Some somatic symptom disorders last for six months or less. One such disorder is pseudocyesis, a condition in which women falsely believe they are pregnant. This belief is confirmed for them because they experience outward signs of pregnancy, including cessation of the menstrual period, an expanding abdomen, nausea, breast changes, foetal movement, and even labour pains.

It is easy to understand why patients with Somatic Symptom Disorder would insist that there must be a physical cause for their symptoms, despite a lack of evidence. When there is a medical condition that causes the symptoms, patients experiencing this disorder may not realize that their reaction to the symptoms is extreme or excessive. They typically dismiss the idea that there are any psychiatric factors coming into play with their symptoms.

​What Somatic Symptom Disorder Treatment is Available?

The key to successful Somatic Symptom Disorder treatment is a strong doctor-patient relationship. When a patient with this condition sees one doctor consistently, and that doctor has experience managing Somatic Symptom Disorder, many unnecessary tests and treatments will be eliminated. Working together, the doctor and patient can focus on the improvement of daily function, rather than on managing symptoms. it's important for a doctor treating someone with Somatic Symptom Disorder to attempt to understand the patient's belief about the illness and feelings about being referred to mental health services. the doctor should not question the validity of the symptoms and should be careful to acknowledge that the patient's life is being disrupted. Communication with the patient should be clear, including a discussion of the results of physical examinations and tests. The prevalence of medically unexplained symptoms should be explained in a way that is reassuring and non-judgmental. Emphasis should be placed on the fact that people can recover with the proper treatment.
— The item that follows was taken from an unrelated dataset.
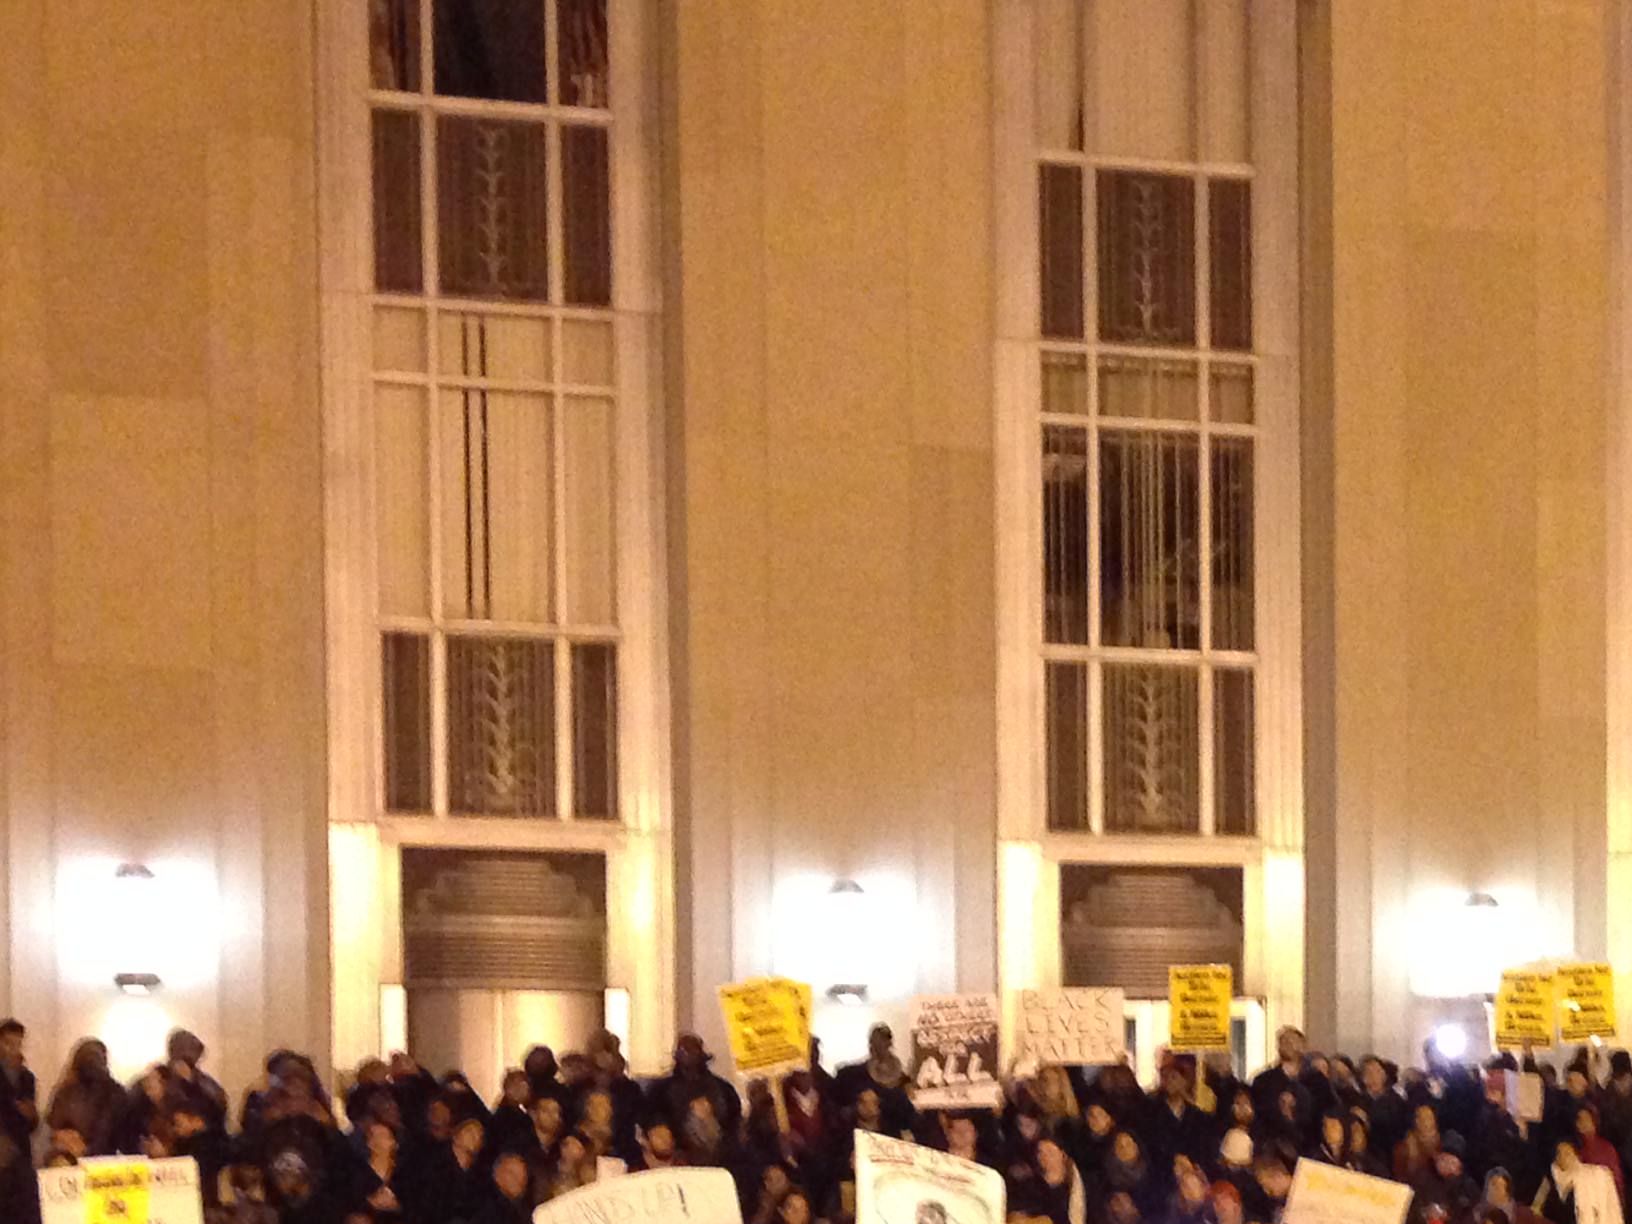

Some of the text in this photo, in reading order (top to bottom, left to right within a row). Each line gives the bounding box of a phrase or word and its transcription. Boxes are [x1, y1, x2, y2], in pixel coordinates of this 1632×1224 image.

[1023, 988, 1112, 1011] BLACK
[1025, 1012, 1110, 1034] LIVES
[1022, 1036, 1120, 1060] MATTER
[916, 1052, 996, 1088] ALL
Counselling is an important part of treatment, and cognitive behavioural therapy has been shown to be effective in treating this disorder. When a patient undergoes CBT, the focus is on correcting distorted thoughts and unrealistic beliefs, as well as behaviours that exacerbate anxiety. another aspect of counselling is encouraging self-monitoring and teaching motivational techniques along with techniques that help the patient to develop coping strategies and attitudes. It is often useful for family and friends to undergo counselling as well. Family counselling can help the family and the patient develop healthy coping skills and problem-solving skills. It is important to shift the focus from physical symptoms to symptom-free periods and pleasant experiences.
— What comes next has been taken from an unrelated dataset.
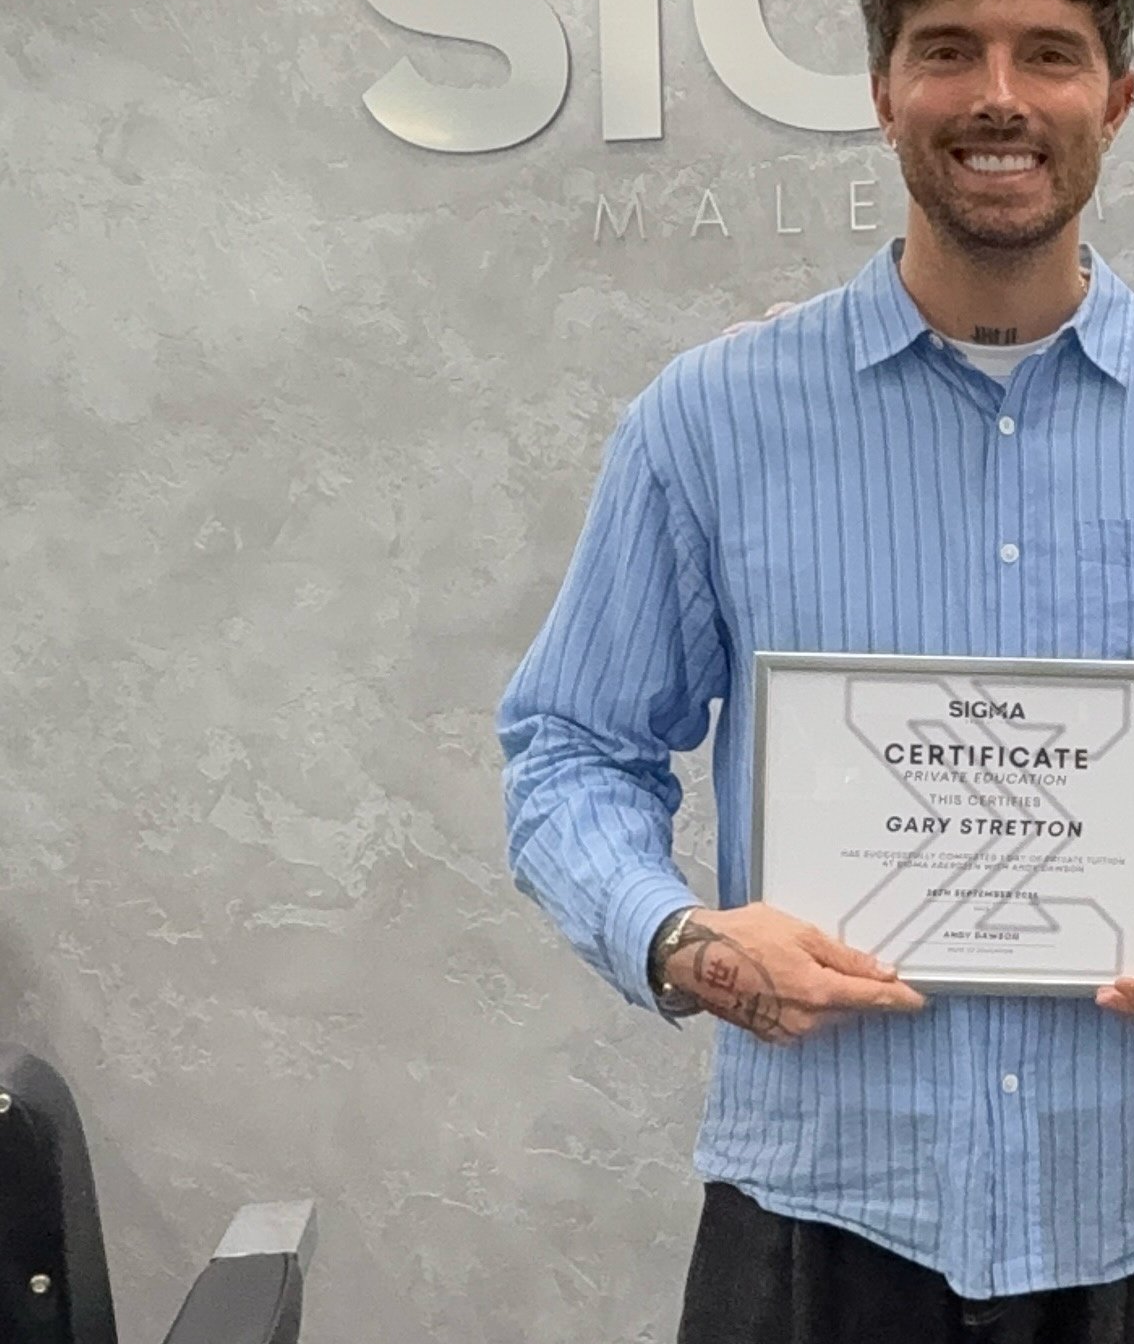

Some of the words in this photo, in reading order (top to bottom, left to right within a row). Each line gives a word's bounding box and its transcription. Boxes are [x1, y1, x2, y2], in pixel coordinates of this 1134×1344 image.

No medication has proven effective in treating Somatic Symptom Disorder. Sometimes, however, medications may help treat related conditions. For instance, a doctor might want to prescribe selective serotonin reuptake inhibitors for depression or anxiety that the patient is experiencing due to Somatic Symptom Disorder. When depression and anxiety are lessened, it may become easier to address the physical symptoms of this condition.

Why do People Develop Somatic Symptom Disorder?

There are many reasons why this can happen. Sometimes the person has experienced physical illness and has a vulnerable and sensitive personality, with a high drive to achieve. Other times the family comes into play, particularly with children, when there are physical and mental health problems in the family, including parental somatisation and emotional over-involvement. Sometimes a family has limited emotional vocabulary, and this can make somatic disorders more likely. A high-stress environment can sometimes cause someone to develop Somatic Symptom Disorder. For children and adolescents, academic pressures, teasing, and bullying can all factor into this condition.